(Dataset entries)
BEGIN
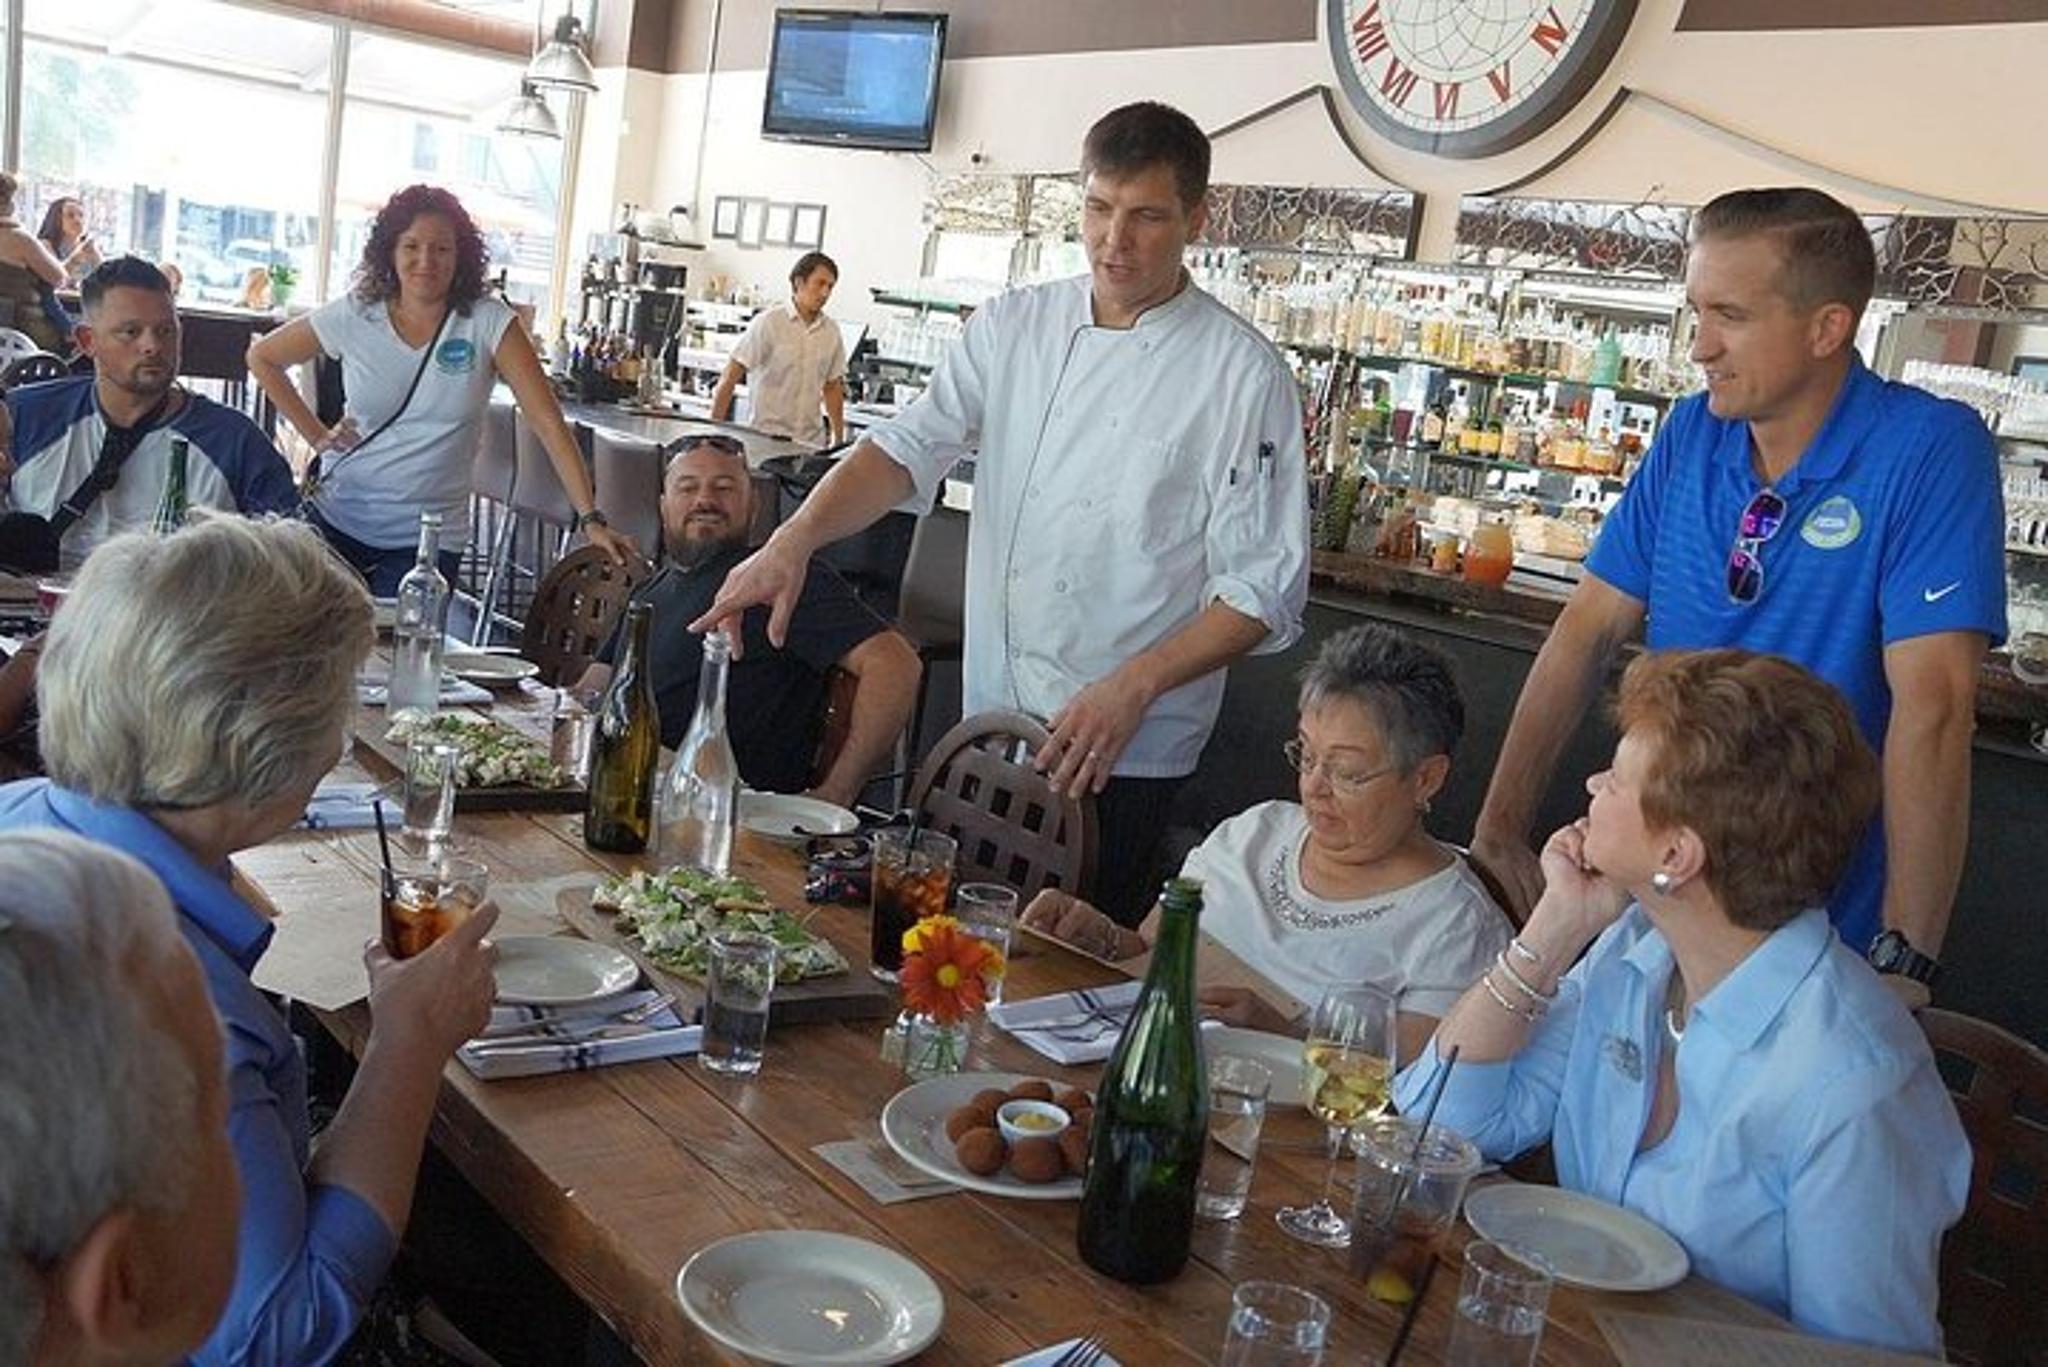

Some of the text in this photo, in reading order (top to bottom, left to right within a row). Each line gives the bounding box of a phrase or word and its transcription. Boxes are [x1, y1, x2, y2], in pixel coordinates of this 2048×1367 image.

[1353, 0, 1389, 62] VIII
[1380, 57, 1420, 108] VII
[1433, 82, 1461, 120] VI
[1486, 60, 1513, 104] V
END
• **Exercise details**
Quote the data above in full, leaving out the pictures it holds.

• **Result of this exercise**
Some of the text in this photo, in reading order (top to bottom, left to right within a row). Each line gives the bounding box of a phrase or word and its transcription. Boxes are [x1, y1, x2, y2], in pixel coordinates of this 2048×1367 image.

[1353, 0, 1389, 62] VIII
[1380, 57, 1420, 108] VII
[1433, 82, 1461, 120] VI
[1486, 60, 1513, 104] V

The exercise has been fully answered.